Free-text object descriptions:
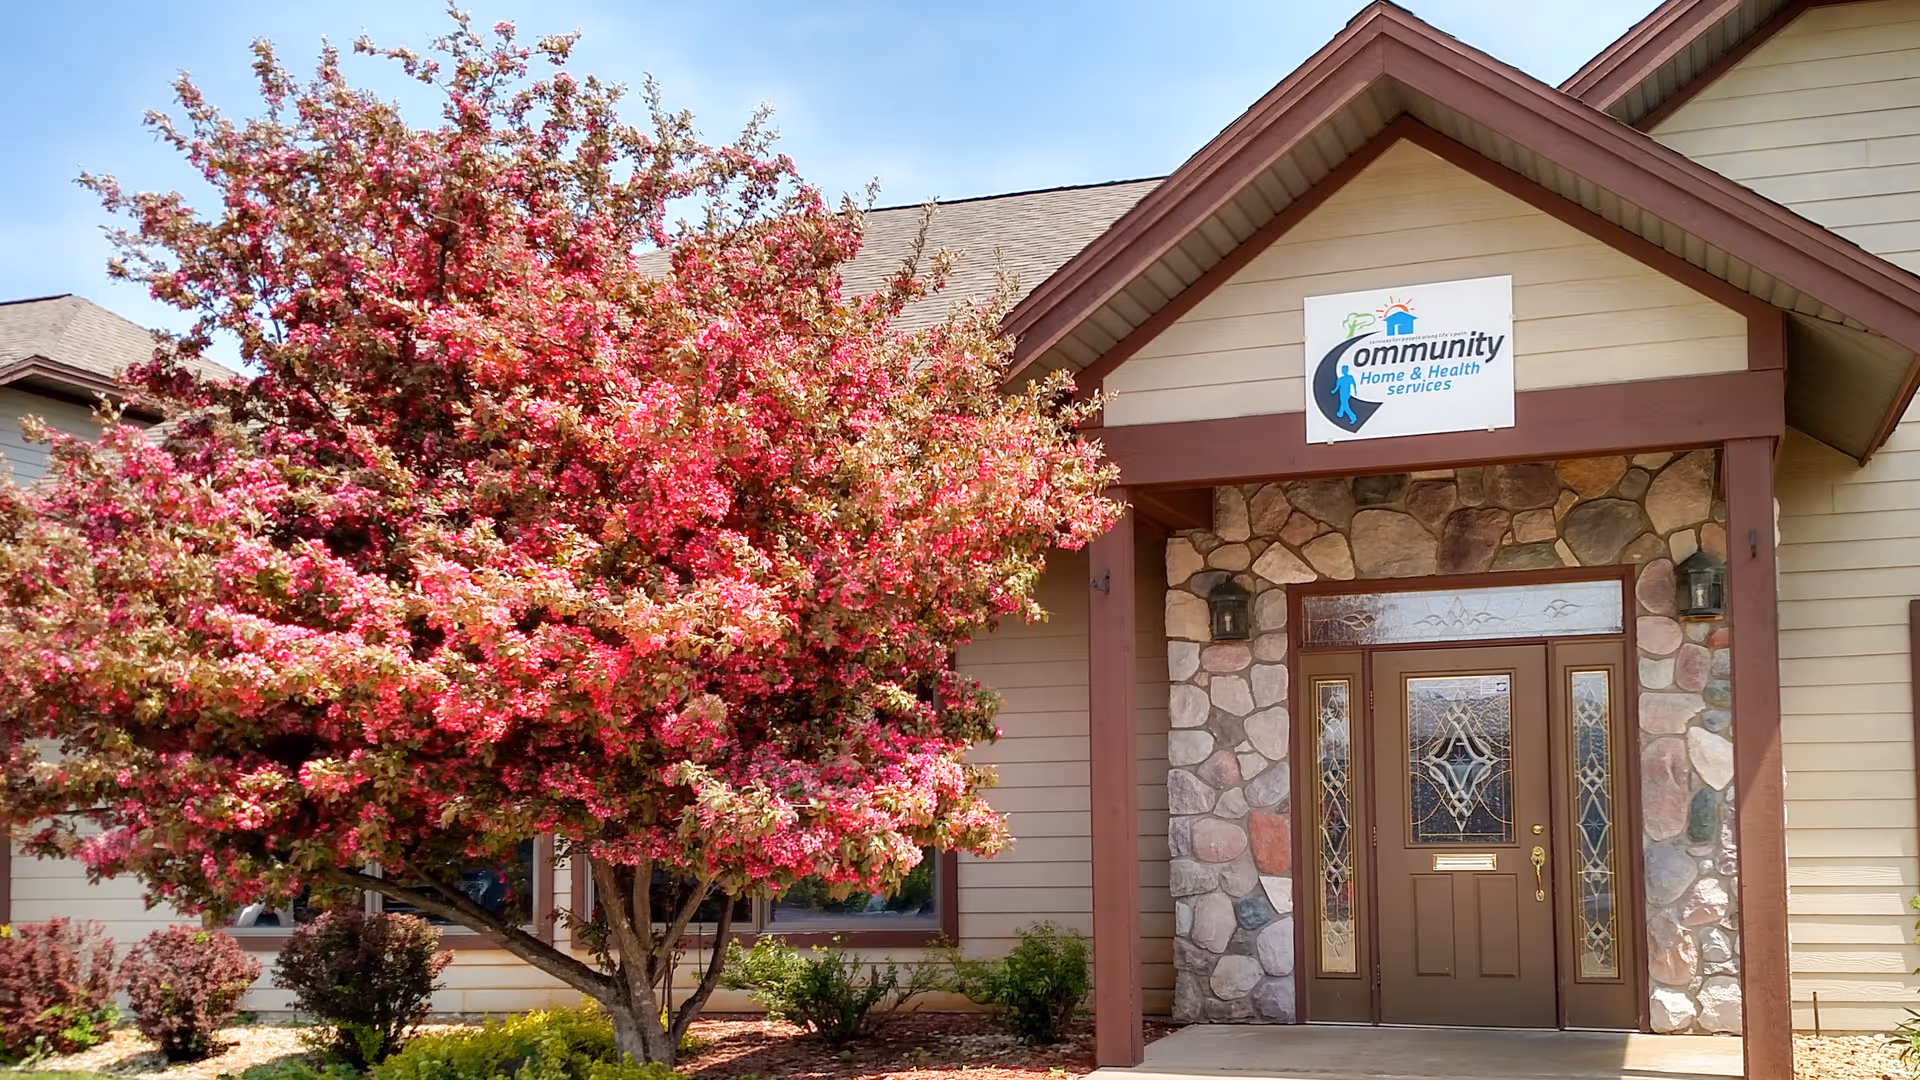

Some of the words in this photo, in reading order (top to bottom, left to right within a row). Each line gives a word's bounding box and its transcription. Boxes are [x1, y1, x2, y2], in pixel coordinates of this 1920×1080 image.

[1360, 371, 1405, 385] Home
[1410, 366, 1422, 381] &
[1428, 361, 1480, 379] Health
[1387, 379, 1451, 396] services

About this exercise.
Each line above has to be returned exactly. Drop the pictures.

Response.
Some of the words in this photo, in reading order (top to bottom, left to right within a row). Each line gives a word's bounding box and its transcription. Boxes are [x1, y1, x2, y2], in pixel coordinates of this 1920×1080 image.

[1360, 371, 1405, 385] Home
[1410, 366, 1422, 381] &
[1428, 361, 1480, 379] Health
[1387, 379, 1451, 396] services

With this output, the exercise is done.